▶ [TASK STATEMENT]:
Write out each record exactly as given, but do not include the pictures.

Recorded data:
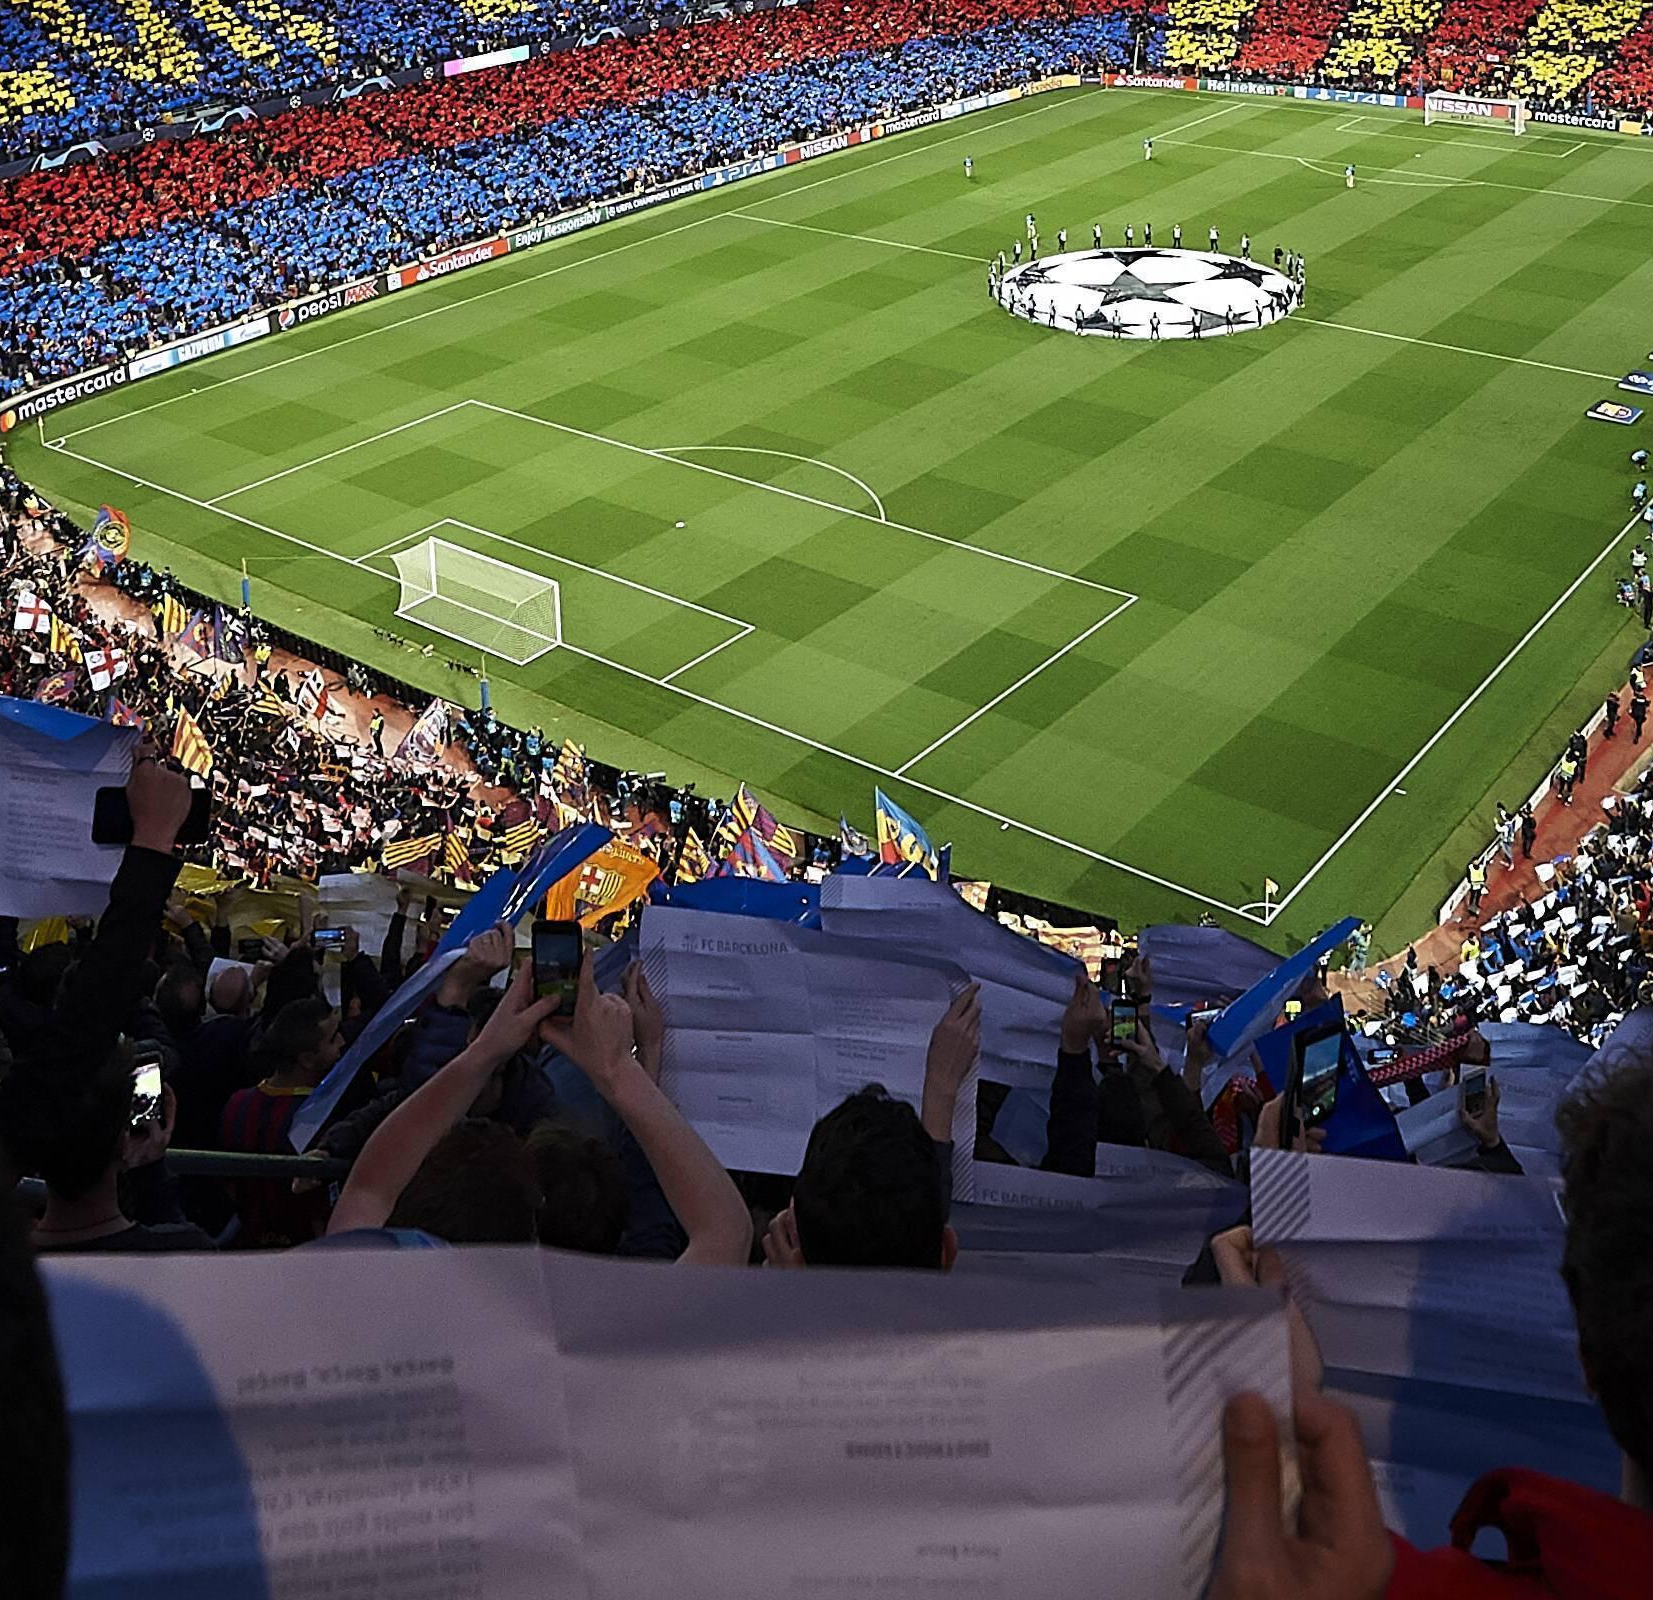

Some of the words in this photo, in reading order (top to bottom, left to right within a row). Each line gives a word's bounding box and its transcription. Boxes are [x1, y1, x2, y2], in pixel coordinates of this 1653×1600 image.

[1126, 75, 1185, 90] Santander
[1206, 79, 1275, 96] Heineken
[1335, 89, 1378, 105] PS4
[1428, 98, 1493, 117] NISSAN
[885, 109, 939, 134] mastercard
[1534, 110, 1617, 130] mastercard
[800, 134, 849, 161] NISSAN
[670, 182, 694, 198] LEAGUE
[514, 227, 543, 249] Enjoy
[543, 208, 602, 240] Responsibly
[428, 244, 494, 277] Santander
[298, 293, 343, 324] pepsi
[18, 365, 127, 421] mastercard
[700, 938, 715, 952] FC
[717, 939, 789, 956] BARCELONA
[981, 1189, 1000, 1204] FC
[1001, 1192, 1084, 1212] BARCELONA

▶ [PROBLEM SOLUTION]:
Some of the words in this photo, in reading order (top to bottom, left to right within a row). Each line gives a word's bounding box and its transcription. Boxes are [x1, y1, x2, y2], in pixel coordinates of this 1653×1600 image.

[1126, 75, 1185, 90] Santander
[1206, 79, 1275, 96] Heineken
[1335, 89, 1378, 105] PS4
[1428, 98, 1493, 117] NISSAN
[885, 109, 939, 134] mastercard
[1534, 110, 1617, 130] mastercard
[800, 134, 849, 161] NISSAN
[670, 182, 694, 198] LEAGUE
[514, 227, 543, 249] Enjoy
[543, 208, 602, 240] Responsibly
[428, 244, 494, 277] Santander
[298, 293, 343, 324] pepsi
[18, 365, 127, 421] mastercard
[700, 938, 715, 952] FC
[717, 939, 789, 956] BARCELONA
[981, 1189, 1000, 1204] FC
[1001, 1192, 1084, 1212] BARCELONA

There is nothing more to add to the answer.